A project born of Protestant disappointment with the outcome of the 30 Years' War, the 17th century enterprise to translate the Bible into Turkish was informed by Christian eschatological hopes that Protestantism and Islam might form a political alliance to defeat the common enemy, idolatrous Catholicism, and bring about world peace. To advance this cause, the Czech-born educator John Amos Comenius championed a Turkish translation of the Holy Scripture, whose power alone, it was assumed, would soon convert the Muslim world to Christianity. Enjoying financial backing from the wealthy arms dealer Laurens de Geer and the academic support of Jacob Golius, professor of Turkish at Leiden, Comenius's venture was entrusted to the Dutch ambassador in Constantinople, Levinus Warner.

Though himself proficient in Turkish, Warner chose to contract a translator rather than perform the arduous task himself. After his first recruit, the Jewish dragoman Hâki (Yahya bin Isaak), delivered a manuscript version around 1661 which was found deficient, Warner in 1662 entrusted the work to Ali Ufki Bey, a talented linguist and former servant of the Sultan's. Born Wojciech Bobowski in Lwów around 1610, he had been captured by Tatars as a young man, sold into Ottoman slavery, and given the name Ali. He subsequently served at the Topkapi Palace as a respected musician and translator for about 20 years, eventually gaining his freedom in 1657.

Ali Bey completed his task in December 1664; in 1665 he then proceeded to have a few fair copies produced under his supervision. One of these, in 5 volumes, is very nearly complete; another contains only Isaiah and several books of the Apocrypha. These copies, sent to Golius together with Ali Bey's rough draft in four volumes, today form part of the Warner Collection at Leiden University Library.

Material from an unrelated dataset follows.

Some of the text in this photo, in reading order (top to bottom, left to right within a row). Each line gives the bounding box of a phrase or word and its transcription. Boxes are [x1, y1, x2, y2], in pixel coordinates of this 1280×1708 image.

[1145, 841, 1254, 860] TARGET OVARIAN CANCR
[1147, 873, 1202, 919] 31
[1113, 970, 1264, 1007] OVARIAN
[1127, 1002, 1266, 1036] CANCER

Only in 1888 did the Leiden Library accession an additional manuscript copy (Cod. Or. 3100), containing part of the New Testament in the hand of one of Ali's secretaries, with interlinear and marginal corrections by Ali Bey himself. The present volume is the missing part of this New Testament copy, comprising Acts, Romans, Philippians, 1 & 2 Thessalonians, Hebrews, James, 1 & 2 Peter, 1-3 John, Jude, and Revelation. Written under Ali Bey's direction and copied from his personal draft, it, too, contains marginalia and corrections in his own hand (we thank Dr Arnoud Vrolijk, curator of the Warner collection, for his kind confirmation).

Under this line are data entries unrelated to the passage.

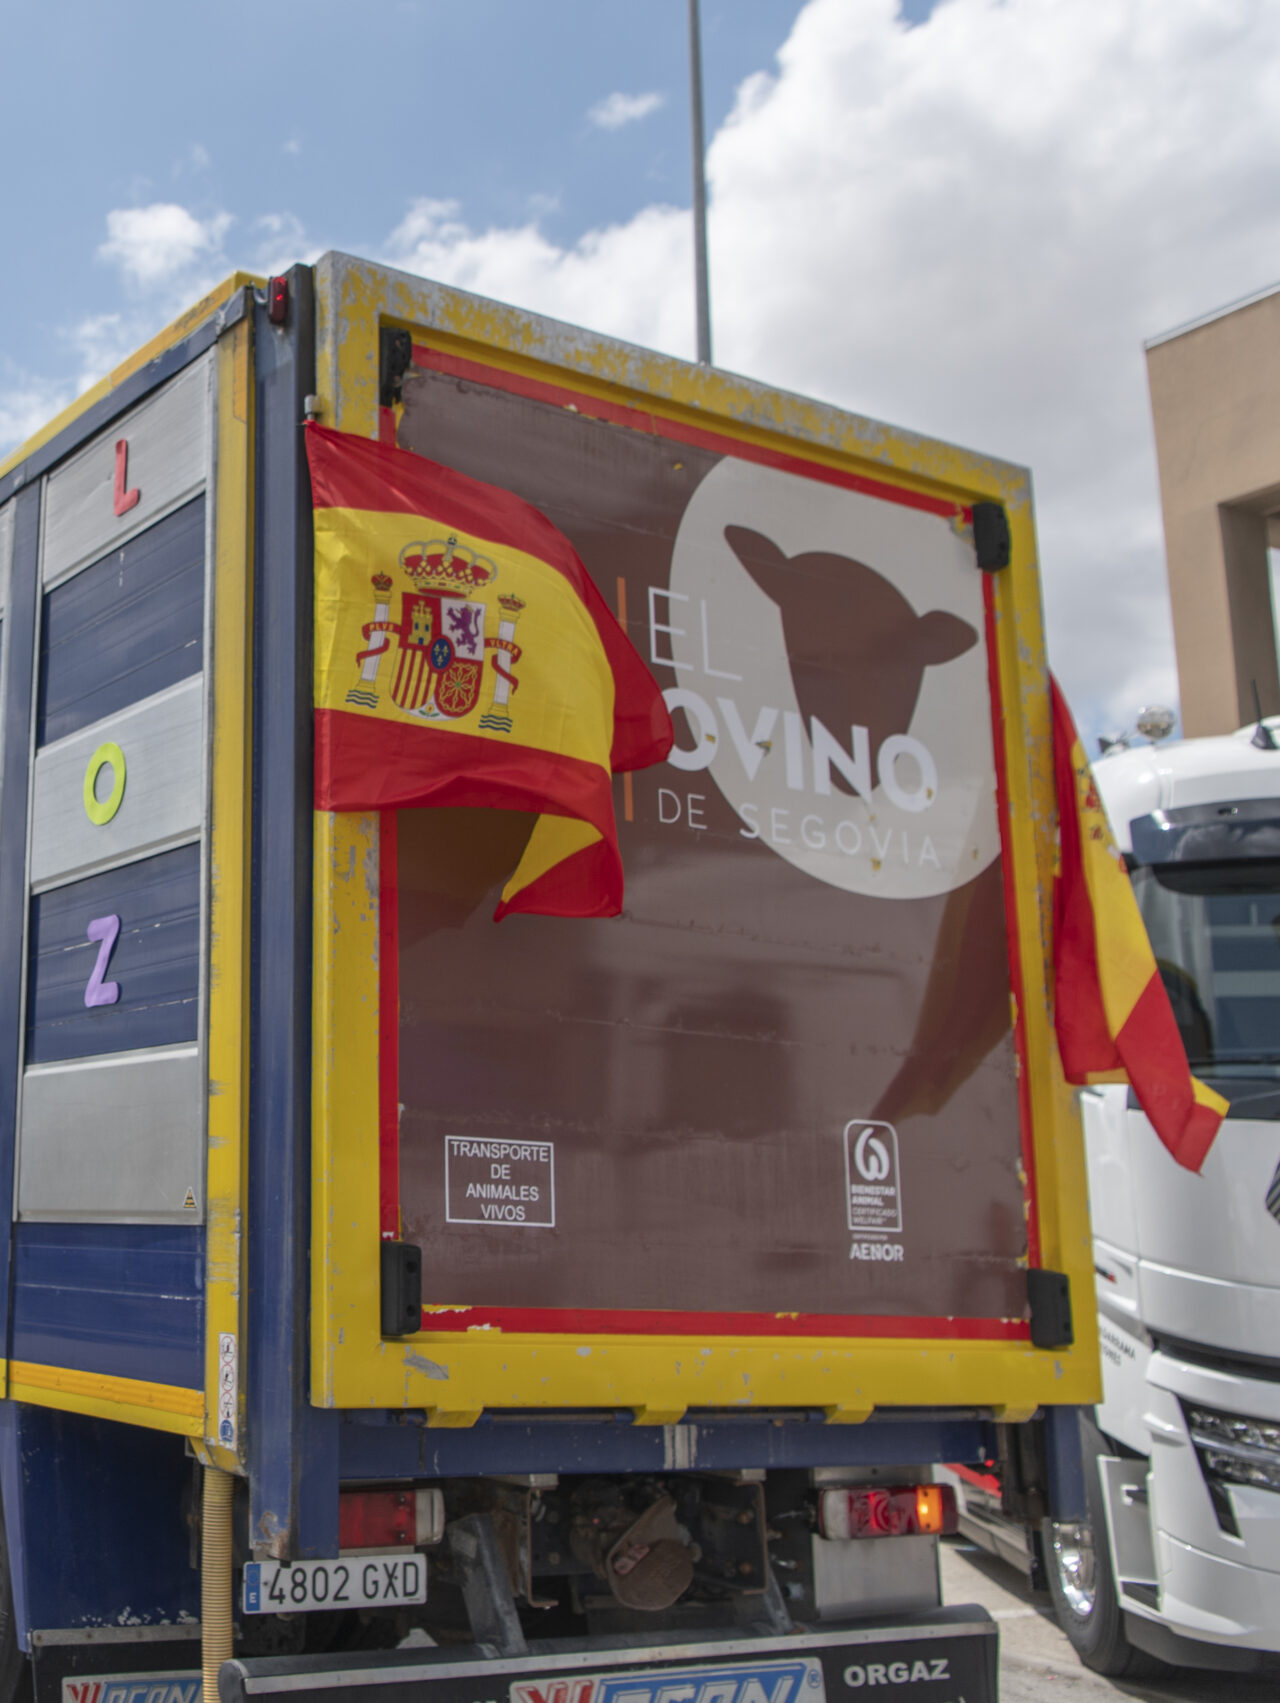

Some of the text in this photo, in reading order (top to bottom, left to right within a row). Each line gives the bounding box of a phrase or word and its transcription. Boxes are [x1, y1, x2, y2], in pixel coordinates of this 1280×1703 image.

[646, 585, 743, 682] EL
[660, 685, 938, 813] OVINO
[657, 788, 941, 870] DE SEGOVIA
[450, 1140, 549, 1162] TRANSPORTE
[490, 1163, 511, 1180] DE
[465, 1182, 539, 1201] ANIMALES
[851, 1184, 896, 1197] BIENESTAR
[480, 1203, 526, 1221] VIVOS
[850, 1242, 904, 1261] AENOR
[268, 1564, 350, 1605] 4802
[362, 1561, 419, 1600] GXD
[843, 1659, 951, 1688] ORGAZ

Ali Bey's translation, aimed at Muslims as a target audience and full of popular Islamic cultural references, did not find favour with Golius and his colleagues. After Warner, de Geer, and Golius all died in quick succession between 1665 and 1667, the Turkish Bible project ground to a halt, in spite of the fact that Ali Bey was anxious to continue it. Not until 1819 would the New Testament alone be published in a revision of his translation (in Paris), and only eight years later would Ali Bey's entire Turkish Bible see print. A critical edition of his manuscript is still outstanding, and there is ample material for research. It remains unknown from what language Bobowski translated the Bible: "A study of Ali Bey's spellings of proper names, e.g. Petro, Se’mun, Filipo, Pilato, could reveal much about his connections with Christian tradition. Several of these are Italian spellings and suggest a Catholic connection. The fact that Ali Bey refers to St John the Baptist as Yuhanna Ma’madant, a Christian construction of John’s name in Arabic, suggests that he was in contact with the Oriental churches also, perhaps the Syrian Orthodox Church” (Privratsky, p. 19f.).

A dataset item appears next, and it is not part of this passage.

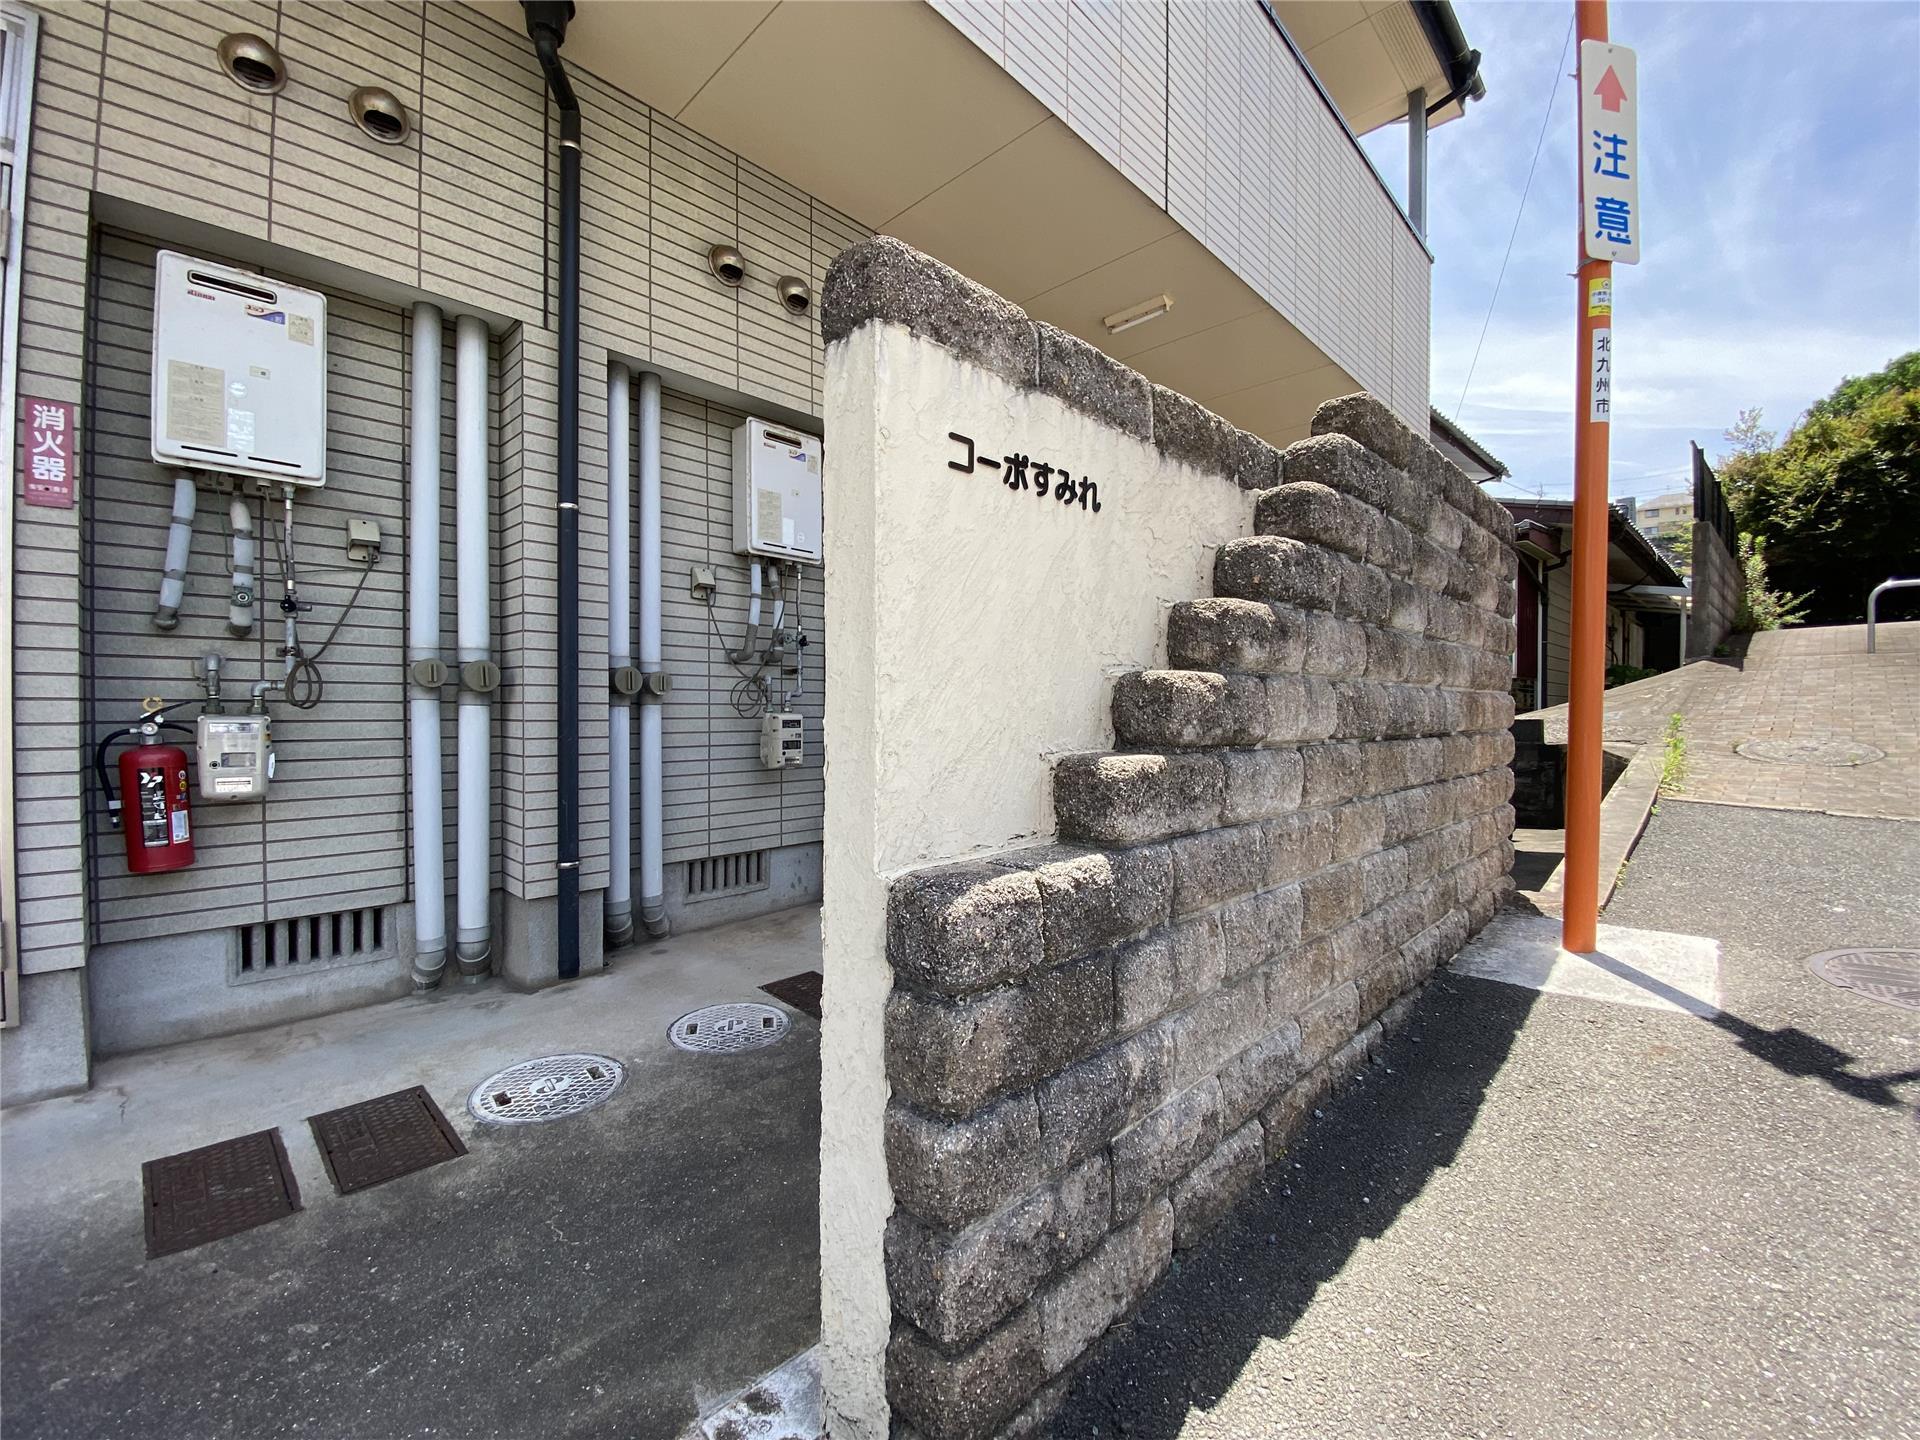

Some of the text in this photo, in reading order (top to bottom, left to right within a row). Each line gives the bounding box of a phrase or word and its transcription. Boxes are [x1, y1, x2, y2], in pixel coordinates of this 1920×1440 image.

[1593, 130, 1631, 245] 注意
[1596, 336, 1611, 413] 北九州市
[32, 404, 66, 482] 消火器
[948, 431, 1102, 513] コーポすみれ

Provenance: early 18th century autograph ownership of the Hamburg theologian Johann Friedrich Winckler (1679-1738), professor of theology in Hamburg, on the title-page, and successive ownership of the Dutch theologian and orientalist Hendrik Sypkens (1736-1812) below. Subsequently owned by Nicolaus Wilhelm Schroeder (1721-98), professor of oriental languages at Groningen, and sold as no. 24 of his estate auction by van Boekeren in 1835. Purchased in the 1960s from Wrister's bookshop (Utrecht) by a Dutch theologian and acquired from him directly.

Literatur

Pars altera bibliothecae Schroederianae (Groningen 1834), p. 6, no. 24. Cf. Bruce Privratsky, A History of Turkish Bible Translations, v. S (2014), pp. 18-26. Darlow/Moule 9453 (the 1819 printed NT).